CURRENTLY AVAILABLE TO STREAM ON NOBUDGE.COM

It is an odd feeling knowing that a certain percentage of your body was not yours from the beginning; to know that a certain section of your being once belonged to someone else. Intensifying that oddness is the fact that in most situations such as these the donor usually remains unknown. A total stranger in the eyes of the recipient, which generally leads to much contemplation, questions continually arising, on the subject of the donor themselves. Obviously, there is the general inquiry such as who, how, and why; but those inquiries tend to grow deeper with time. I know this because I have experienced it myself.

Now, my experience was not as intimate nor ultimately as affecting, psychologically, as a partial facial transplant like the one Eva (Alexia Rasmussen) receives in writer/director Erin Vassilopoulos’s short film, Valeria. A partial facial transplant has far more implications, emotionally and psychologically, and more room for error on the medical front than, say, a talus bone transplant. Vassilopoulos never overloads the film, however, delving into those implications instead she simply aerates the surface of this very specific situation, lightly bringing these meditations to the surface without overwhelming the audience with a dense thicket of philosophies and viewpoints. She keeps it simple, letting the viewer delve deeper if they so choose.

With Valeria, Vassilopoulos taps into the inherent peculiarity of Eva’s ordeal, opting to focus on the most immediate question one would probably have after receiving someone else’s skin for one’s own face: who was this person?
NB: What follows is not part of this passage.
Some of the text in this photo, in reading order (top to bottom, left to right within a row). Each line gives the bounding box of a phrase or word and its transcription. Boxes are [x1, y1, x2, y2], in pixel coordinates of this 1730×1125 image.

The film tackles the idea of transference and how a transplant can fundamentally change a person. With all of this, Vassilopoulos encapsulates the film with an air of mystery, from the overall tone to the lighting and the cinematography from Mia Cioffi Henry. All of it feels otherworldly, much like you would imagine it feeling if you had someone else’s face as your face.
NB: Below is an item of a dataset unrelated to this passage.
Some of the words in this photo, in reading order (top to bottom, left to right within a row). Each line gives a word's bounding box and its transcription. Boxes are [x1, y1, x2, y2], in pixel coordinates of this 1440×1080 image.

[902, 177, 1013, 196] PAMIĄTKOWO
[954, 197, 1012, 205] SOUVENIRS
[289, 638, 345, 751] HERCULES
This mysterious air is accomplished through the film’s settings and the aforementioned cinematography provided Cioffi Henry. Eva’s inexplicable pursuit plays out in seemingly historic buildings with elaborate floorplans for a riches of rooms. These dusty, creak-ridden rooms, stairwells, and corridors provide ample space for the textures of 35mm, employed alongside a ghostly lowlight that further texturizes the imagery. Combining all of these aspects, Vassilopoulos constructs a haunting picture in which the haunter and hauntee are one in the same attempting to navigate their now-shared landscapes.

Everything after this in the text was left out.